Complete guide to Claude Code: what it is, how to install it, hooks, agents, MCP and commands. With practical examples and video tutorial.

What is Claude Code

Claude Code is Anthropic's official command-line tool (CLI). It's not a chatbot: it's a development agent that works directly in your terminal, reads your code, executes commands and modifies files.

Common mistake: At first I used Claude Code as a glorified autocomplete. The breakthrough came when I started treating it as a teammate: I pass it the CLAUDE.md with project rules, use parallel agents for independent tasks, and let it make architectural decisions within clear boundaries.

Unlike using Claude in the browser, Claude Code has access to your file system, can execute scripts, connect to databases and operate as another programmer on your team. For more details, check our guide on How to install Claude Code step by step.

Claude Code vs Claude.ai

Claude.ai is the web chat. You type, it responds. It has no access to your files.

Claude Code is an agent in your terminal. It reads your code, executes commands, creates files, makes git commits.

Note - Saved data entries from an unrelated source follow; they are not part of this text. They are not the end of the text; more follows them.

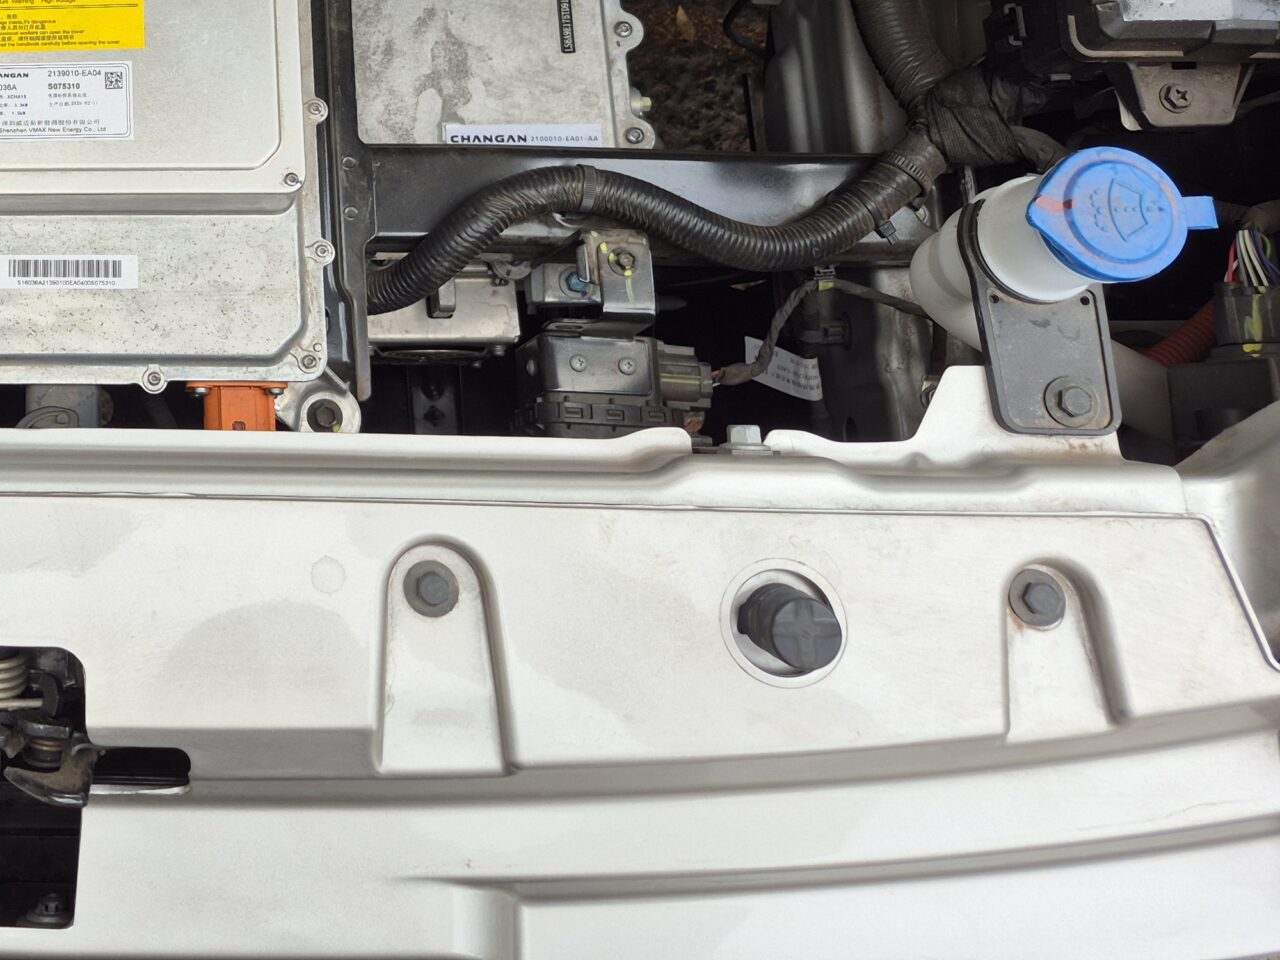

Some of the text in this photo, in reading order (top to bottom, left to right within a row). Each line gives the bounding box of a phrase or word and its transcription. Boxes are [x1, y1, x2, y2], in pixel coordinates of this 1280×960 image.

[47, 70, 102, 78] 2139010-EA04
[47, 82, 80, 90] S075310
[62, 126, 83, 134] Energy
[450, 134, 528, 143] CHANGAN
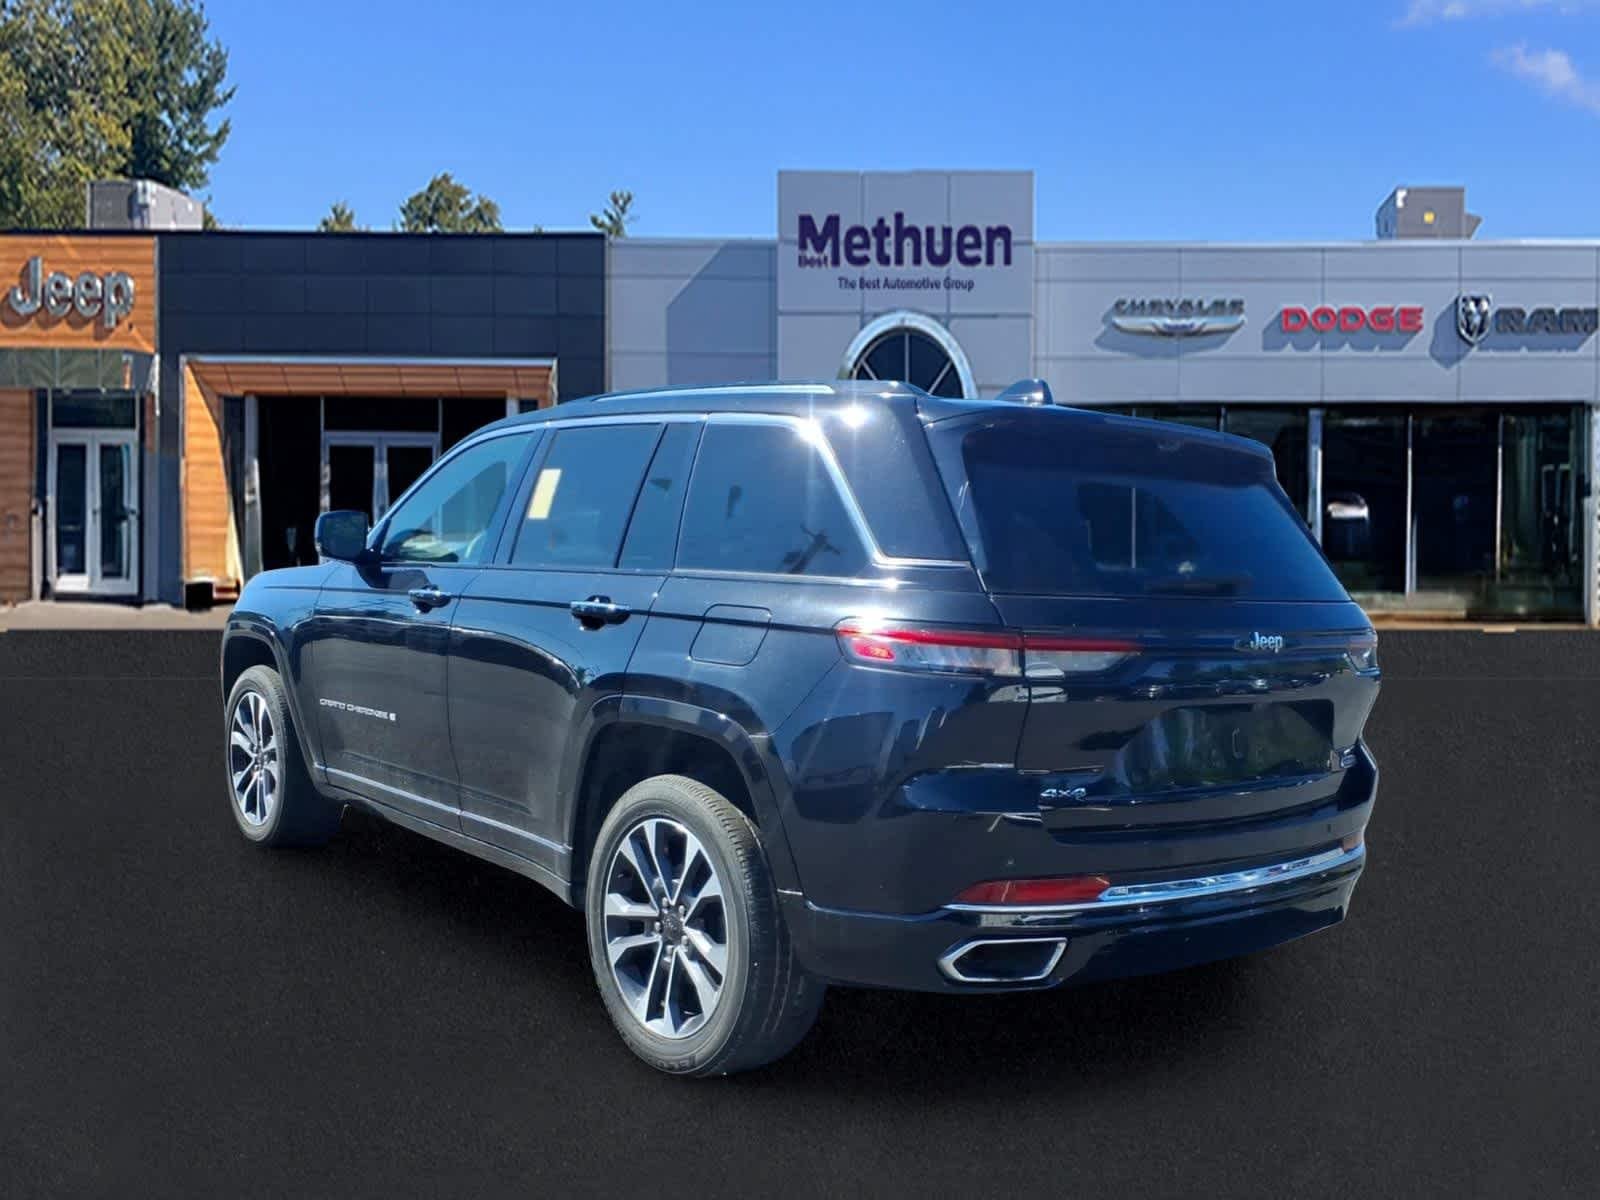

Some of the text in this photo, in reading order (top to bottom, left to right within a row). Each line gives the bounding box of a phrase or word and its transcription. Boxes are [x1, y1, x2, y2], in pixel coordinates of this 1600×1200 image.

[798, 212, 1012, 267] Methuen
[798, 254, 828, 268] Best
[9, 256, 135, 329] Jeep
[838, 276, 974, 292] The Best Automotive Group
[1281, 306, 1423, 332] DODGE
[1495, 307, 1598, 333] RAM
[1250, 631, 1283, 653] Jeep

It's like having a senior developer by your side.

Architecture and how it works

Claude Code works as an agentic loop: it receives your instruction, analyzes the context (files, project structure, history), plans actions, executes them and verifies the result. If something fails, it iterates automatically.

Internal components:

Flow of a typical interaction:

  1. You type: "Add tests for the authentication module"
  2. Claude Code reads the project structure, finds the auth files
  3. Analyzes the existing code, identifies functions without tests
  4. Generates the tests, writes them to the corresponding file
  5. Runs the tests to verify they pass
  6. If they fail, reads the error, fixes it and re-runs
  7. When everything passes: shows you the result

This plan-execute-verify-iterate loop is what sets Claude Code apart from a simple text generator. It doesn't stop until the task is complete or until it detects it needs your input.

Step-by-step installation

Claude Code is installed via npm (Node.js). If you don't have Node, install it first from nodejs.org.

# Install Claude Code globally
npm install -g @anthropic-ai/claude-code

# Verify the installation
claude --version

# Start a session
claude

The first time it will ask you to authenticate with your Anthropic account. You need a plan that includes Claude Code (Max or Team). For more details, check our guide on CLAUDE.md: complete guide to configuring Claude Code.

Team experience: I've spent over 1,000 hours using Claude Code across 15 real projects. I've generated over 30,000 lines of code, created 22 specialized agents and built a complete cyber intelligence platform with 62 API endpoints. What I share here comes from making many mistakes first.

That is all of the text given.